Pubdate: Thu, 20 Jul 2000
Source: Times-Standard (CA)
Website: http://www.times-standard.com/front/frontpage.html
Address: 930 Sixth St. Eureka, CA 95501
Email:  2000 The Times-Standard
Fax: 707-441-0501
Author: Carla Martinez & Jacob Lehman

OFFICIALS ISSUE MEDICAL MARIJUANA STATEMENTS

On Wednesday, the Humboldt County District Attorney's Office and Sheriff's
Department publicized written guidelines regarding the medical use of
marijuana. When California voters approved Proposition 215, the medicinal
use of marijuana became legal in the state. However, 215 left it up to law
enforcement agencies and prosecutors to decide how and if to make allowances
for medical marijuana use.

Under federal law, marijuana cultivation and use are illegal.

A qualified medical marijuana patient, the district attorney's statement
said, may possess or cultivate a combination of 10 marijuana plants or two
pounds of processed marijuana without being prosecuted.

"Each jurisdiction has the right to their own enforcement guidelines,"
District Attorney Terry Farmer said. "It's important to us to comply with
the spirit of the law."

Wednesday's statements will not cause any change in the way deputies act in
the field, Sheriff Dennis Lewis said, but will formalize and publicize what
has been the unofficial policy in Humboldt County for years.

Farmer drafted the original policy as a memo for law enforcement agencies
about what medical marijuana cases his office would and would not prosecute.

Law officers can seize plants they believe to be in excess of a person's
needs without pursuing a criminal drug conviction.

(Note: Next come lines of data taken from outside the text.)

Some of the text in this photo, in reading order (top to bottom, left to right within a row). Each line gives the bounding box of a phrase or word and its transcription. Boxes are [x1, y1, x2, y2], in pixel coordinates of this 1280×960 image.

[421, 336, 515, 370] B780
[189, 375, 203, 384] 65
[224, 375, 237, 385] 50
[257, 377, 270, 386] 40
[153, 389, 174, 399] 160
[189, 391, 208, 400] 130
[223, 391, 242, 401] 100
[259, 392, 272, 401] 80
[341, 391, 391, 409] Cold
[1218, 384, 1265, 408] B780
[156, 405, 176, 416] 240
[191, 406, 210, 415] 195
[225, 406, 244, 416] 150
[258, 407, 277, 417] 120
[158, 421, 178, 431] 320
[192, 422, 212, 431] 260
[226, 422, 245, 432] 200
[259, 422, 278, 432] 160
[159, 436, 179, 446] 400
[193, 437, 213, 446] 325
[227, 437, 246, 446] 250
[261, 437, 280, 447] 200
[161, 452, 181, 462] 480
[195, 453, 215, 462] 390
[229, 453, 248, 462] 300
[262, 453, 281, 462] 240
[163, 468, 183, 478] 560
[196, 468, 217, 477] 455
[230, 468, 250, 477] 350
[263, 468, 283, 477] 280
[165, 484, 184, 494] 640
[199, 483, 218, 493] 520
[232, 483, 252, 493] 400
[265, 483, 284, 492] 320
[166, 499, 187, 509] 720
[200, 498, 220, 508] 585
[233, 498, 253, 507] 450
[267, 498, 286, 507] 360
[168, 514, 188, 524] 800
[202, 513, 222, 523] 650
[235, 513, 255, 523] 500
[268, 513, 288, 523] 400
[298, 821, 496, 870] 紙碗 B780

Lewis said that deputies
must make a judgment call when they encounter a medical marijuana garden,
based on the person's illness and on how much the deputy thinks the plants
will yield.

Lewis expressed hope that the state Legislature will soon pass laws
clarifying the vague wording of Prop. 215, lifting responsibility from his
deputies.

"I have some very fine officers, but I don't think any of them are licensed
to practice medicine," he said.

Lewis said that he did not think that a medical marijuana ordinance drafted
for the Board of Supervisors, by a board-appointed committee, would help the
issue.

"The county does not have any authority to set policy for the Sheriff's
Department," he said.

Lewis was one of the original members of the ordinance-drafting committee,
but stopped attending meetings after differences of opinion.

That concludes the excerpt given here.